In Part 1, I shared how I built a voice-first AI tutor using Vapi, Next.js, and GPT-4. It was fast, expressive, and surprisingly helpful.

But it was also... wide open.

No user accounts. No access control. No usage limits. Just a playground.

Now it was time to turn that prototype into a real product — with authentication, protected dashboards, credit-based usage, and a way to know who’s actually using it.

Why Most AI MVPs Fail Without Access Control

Too often, early-stage AI tools ship as flashy demos without real product boundaries.

They impress on launch day — but fizzle fast:

  • No login? You don’t know who your users are.
  • No limits? Users spam GPT-4 at your cost.
  • No structure? Hard to scale or monetize.

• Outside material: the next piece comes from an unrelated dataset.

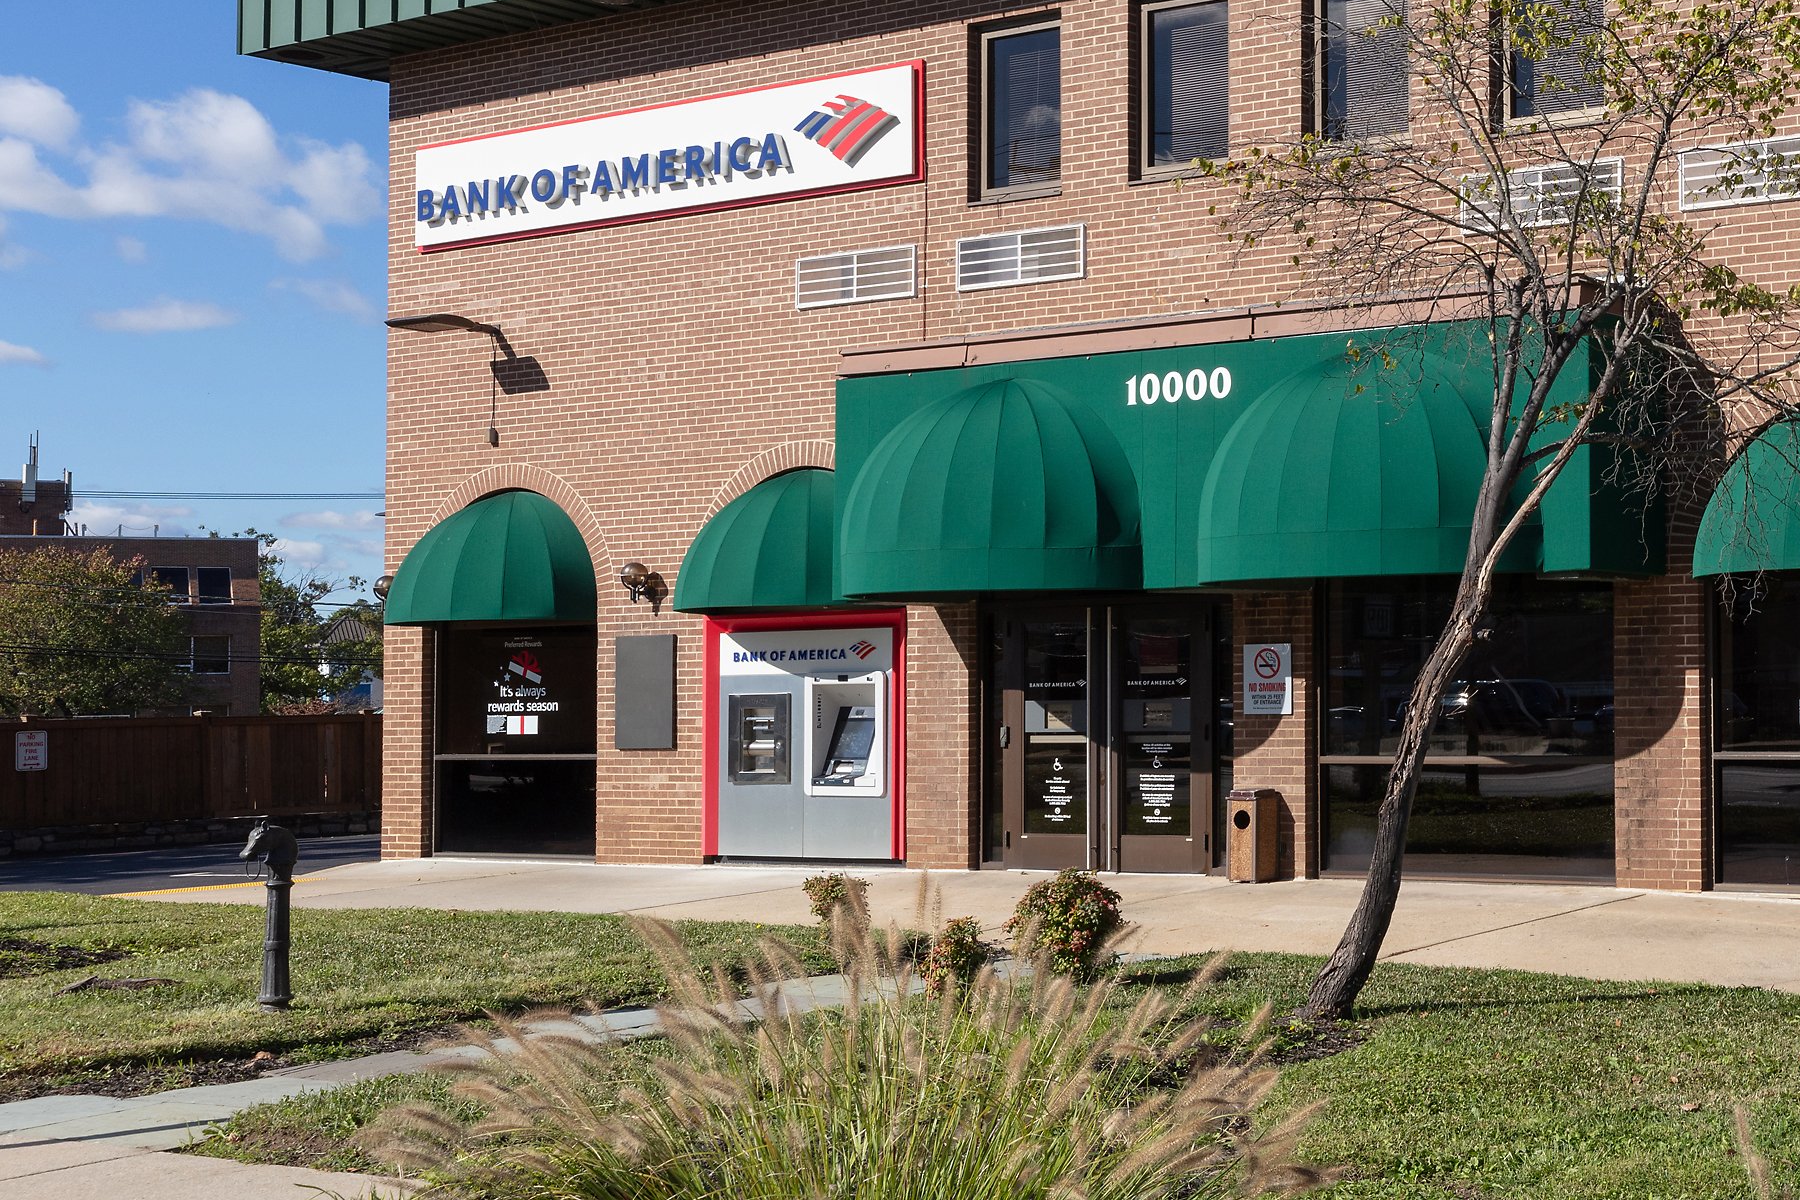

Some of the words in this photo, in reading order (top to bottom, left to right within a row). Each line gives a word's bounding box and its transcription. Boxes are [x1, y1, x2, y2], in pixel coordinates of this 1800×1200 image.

If you're building AI-first tools, productizing GPT isn't optional. The most successful AI apps treat access, usage, and UX as first-class features — not afterthoughts.

That’s what I set out to do next.

What I Needed to Ship

To turn Learnflow AI from demo to SaaS, I needed:

  • Authentication — signup, login, logout
  • Protected routes — dashboard, companions, sessions transcripts
  • User records — to track sessions and credit usage
  • Usage limits — to prevent abuse and encourage upgrades

Here's how I made that happen using Kinde for authentication, and Convex for backend logic + real-time data.

Why This Stack?

Concern Tool Why I Chose It
Auth + Billing Kinde Built-in auth, Google login, and billing APIs in one place
Real-time backend Convex Reactive data, serverless logic, TypeScript-native
Route protection Next.js App Router middleware makes gating simple
Usage tracking Convex Easy credit logic using document database

Bonus: Both tools are free to start, so I could move fast and test real usage.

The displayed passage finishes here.